Indeed, TV news frequently featured horror stories about the harm that would come to citizens if politicians could not spend all that they wished.
MRC researchers studied 108 federal deficit stories and 64 stories on state government deficits aired between October 1, 2002 and September 30, 2003 (the federal fiscal year) on ABC's World News Tonight, CBS Evening News and NBC Nightly News. Key findings:
• Most stories blamed tax cuts for the federal deficit. There were 66 network stories linking the budget deficit to Bush's tax cuts, and another 45 that blamed the war on terrorism, homeland security costs or the war in Iraq. (Some stories suggested more than one cause.) Only 12 stories mentioned non-war related federal spending as a reason for the rising red ink, even though such spending has risen sharply in the past three years. An August 2003 report by the Cato Institute's Veronique de Rugy and Ted DeHaven found that "real spending in nearly every department has increased substantially, sometimes exorbitantly, under Bush."
But when it came to the deficit, the networks rarely indicted the big spenders. ABC's Peter Jennings reflected the media mentality perfectly on December 9, 2002 when he remarked of the new Treasury Secretary John Snow, "He is said to be in favor of further tax cuts, but against deficits. Doesn't one lead to the other?"
The media's overwhelming focus on tax cuts is misplaced, according to free market experts. In a Heritage paper published in June, budget analyst Brian Riedl calculated "the 2001 recession and new government spending caused 78 percent of the declining surplus projection," with tax cuts accounting for just 22 percent of the shortfall.
• While Bush was blamed for the federal shortfall, state governments were victims of the weak economy. Almost no stories about the federal deficit (just 4 out of 108) mentioned the recession as a cause, but the weak economy was the most often cited reason for state budget gaps (14 out of 64 stories, or 22 percent). "A faltering economy has left state budgets deep in the hole," ABC's John Berman announced on November 3, 2002. That same slowdown hurt federal receipts, too, but the networks rarely said so.
• When budgets are cut, children die. Only nine stories cited high spending as a cause of state budget woes. One of those was on January 11, when ABC's World News Tonight reporter Judy Muller, in a story on California's budget problems, ran a sound bite from economist Peter Navarro: "The Davis administration and the Democratic legislature spent like drunken sailors."
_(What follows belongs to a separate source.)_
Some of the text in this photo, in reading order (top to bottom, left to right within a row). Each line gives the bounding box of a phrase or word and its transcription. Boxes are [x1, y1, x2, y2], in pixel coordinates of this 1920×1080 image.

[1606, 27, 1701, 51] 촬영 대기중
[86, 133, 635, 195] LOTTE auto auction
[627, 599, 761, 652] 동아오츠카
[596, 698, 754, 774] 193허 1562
But in other instances, reporters gave politicians a pass by euphemistically referring to "rising costs," as if politicians played only a passive role in the budget-busting process. ABC's Muller on June 30 carefully referred to "states hit by the double whammy of a huge increase in required health care costs and a huge revenue loss from the collapse of the high-tech economy."
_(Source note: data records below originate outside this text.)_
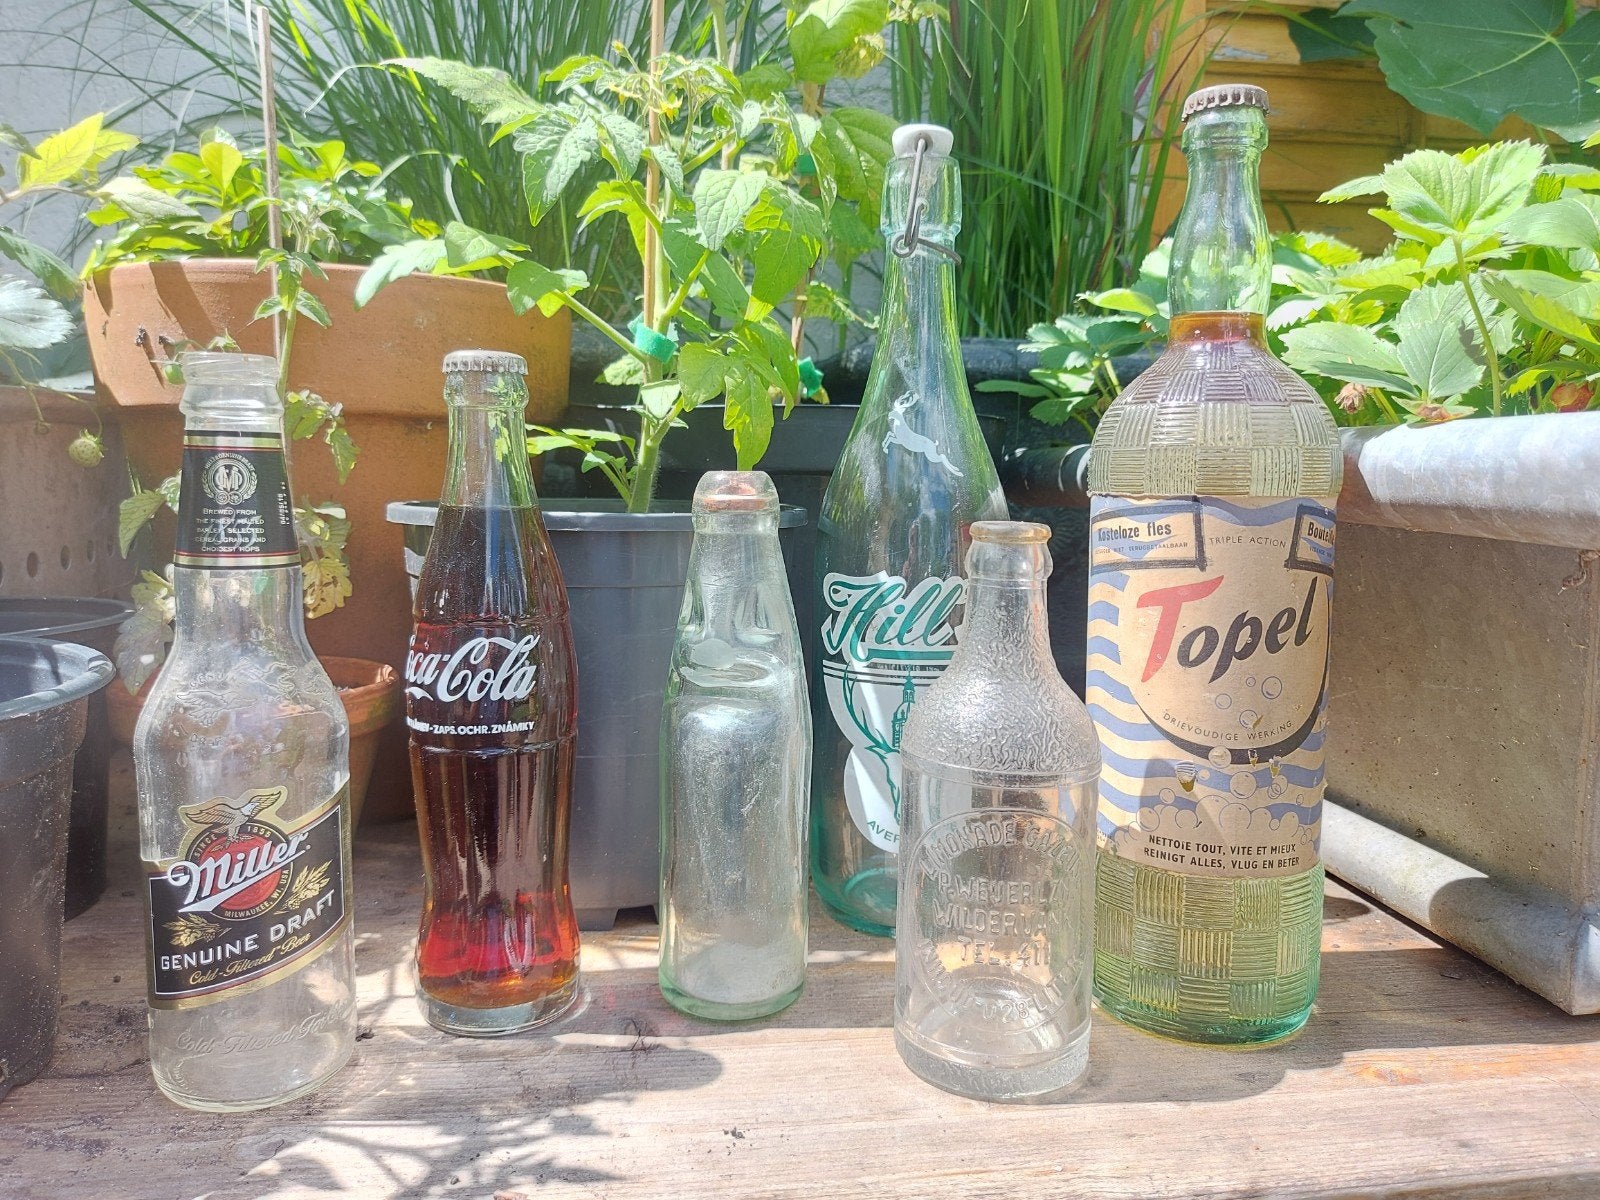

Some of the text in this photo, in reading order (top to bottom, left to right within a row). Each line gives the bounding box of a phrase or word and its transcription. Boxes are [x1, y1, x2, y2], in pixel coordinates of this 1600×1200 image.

[1147, 521, 1172, 537] fles
[1209, 536, 1286, 549] TRIPLE ACTION
[1135, 574, 1318, 685] Topel
[1163, 712, 1294, 742] DRIEVOUDIGE WERKING
[194, 833, 218, 858] SINCE
[1143, 846, 1300, 870] REINIGT ALLES, VLUG EN BETER
[1195, 842, 1226, 856] TOUT,
[1230, 845, 1253, 856] VITE
[1256, 846, 1268, 856] ET
[1270, 843, 1297, 854] MIEUX
[167, 831, 311, 912] Miller
[224, 900, 274, 919] MILWAUKEE,
[279, 869, 290, 884] USA
[161, 889, 335, 970] GENUINE DRAFT
[280, 932, 312, 955] Beer
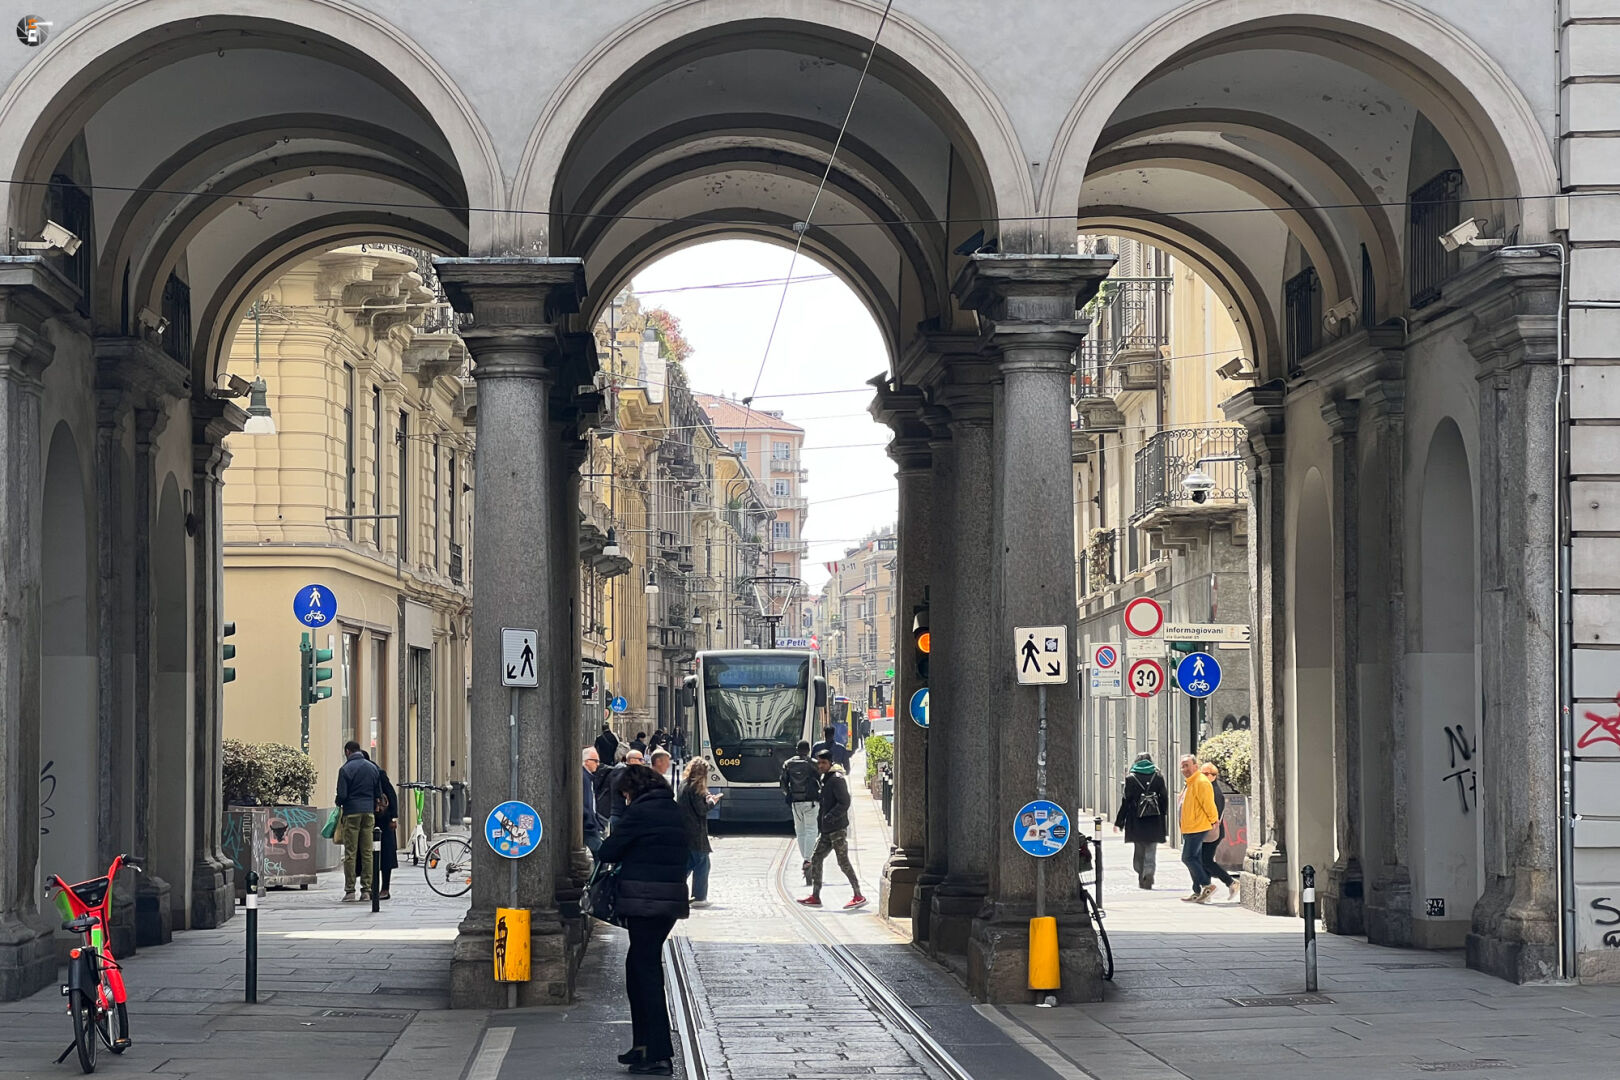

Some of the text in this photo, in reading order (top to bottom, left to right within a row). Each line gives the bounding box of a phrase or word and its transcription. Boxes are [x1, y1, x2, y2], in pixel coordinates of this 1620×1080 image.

[1166, 627, 1224, 635] informagiovani
[787, 639, 806, 647] Petit
[1136, 669, 1156, 687] 30
[719, 758, 740, 766] 6049
A February 2003 Cato Institute study by Chris Edwards, Stephen Moore and Phil Kerpen documented how state governments went on a spending spree in the 1990s. They calculated that if the states had merely limited their spending increases to inflation plus population growth, "budgets would have been $93 billion smaller by FY01, representing savings roughly twice the size of today's spending gaps."
Instead, network news featured alarming anecdotes to illustrate the horrors of less state spending. On January 10, ABC's Betsy Stark said the case of a woman who starved her foster children was "a gruesome reminder that child welfare agencies are over-burdened and under-funded." Stark quoted Phil Coltoff, a child welfare advocate: "There will be more tragedies and more deaths, and I don't say that in an alarmist way. This is one of the consequences of budget cutting." The ABC story included no one contradicting Coltoff's dire claim.
• On the bright side...On February 14, NBC's Norah O'Donnell exposed some of the extravagant spending tucked inside a massive federal spending bill, including a $350 million expansion of a cattle subsidy to include catfish farmers. Yes, catfish. "Critics question whether such eye-popping largesse is appropriate with looming deficits and America battling the war on terror," O'Donnell noted.
Unfortunately, most of the networks' deficit stories skipped over such silly spending as they put the blame on liberals' favorite budget bogeyman, tax cuts.